**** TASK DATA ****

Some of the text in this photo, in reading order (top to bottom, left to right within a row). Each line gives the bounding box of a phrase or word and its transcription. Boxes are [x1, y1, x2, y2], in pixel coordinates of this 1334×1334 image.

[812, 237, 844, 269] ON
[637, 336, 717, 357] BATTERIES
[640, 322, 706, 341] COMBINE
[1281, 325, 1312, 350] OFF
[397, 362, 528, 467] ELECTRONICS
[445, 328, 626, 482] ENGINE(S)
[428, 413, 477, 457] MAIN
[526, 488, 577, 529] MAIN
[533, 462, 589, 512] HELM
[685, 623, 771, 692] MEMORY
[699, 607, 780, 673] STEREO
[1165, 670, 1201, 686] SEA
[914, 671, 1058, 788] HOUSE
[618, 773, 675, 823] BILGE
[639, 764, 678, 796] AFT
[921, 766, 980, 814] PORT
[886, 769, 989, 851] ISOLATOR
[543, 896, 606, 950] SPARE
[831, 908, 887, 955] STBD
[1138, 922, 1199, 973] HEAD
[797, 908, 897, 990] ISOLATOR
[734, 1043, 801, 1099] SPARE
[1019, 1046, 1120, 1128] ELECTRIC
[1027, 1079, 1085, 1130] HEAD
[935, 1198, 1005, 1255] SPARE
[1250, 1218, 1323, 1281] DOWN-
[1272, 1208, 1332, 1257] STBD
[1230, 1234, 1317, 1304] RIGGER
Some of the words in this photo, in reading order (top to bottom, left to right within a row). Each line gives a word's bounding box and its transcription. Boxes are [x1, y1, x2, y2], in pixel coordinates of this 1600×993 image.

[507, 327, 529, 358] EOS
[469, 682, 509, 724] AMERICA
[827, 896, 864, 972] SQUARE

****

TASK INSTRUCTIONS:
Set down exactly the lines from the one that contains "Some of the words" to the final line above, both included, and nothing more.

RESPONSE BOX:
Some of the words in this photo, in reading order (top to bottom, left to right within a row). Each line gives a word's bounding box and its transcription. Boxes are [x1, y1, x2, y2], in pixel coordinates of this 1600×993 image.

[507, 327, 529, 358] EOS
[469, 682, 509, 724] AMERICA
[827, 896, 864, 972] SQUARE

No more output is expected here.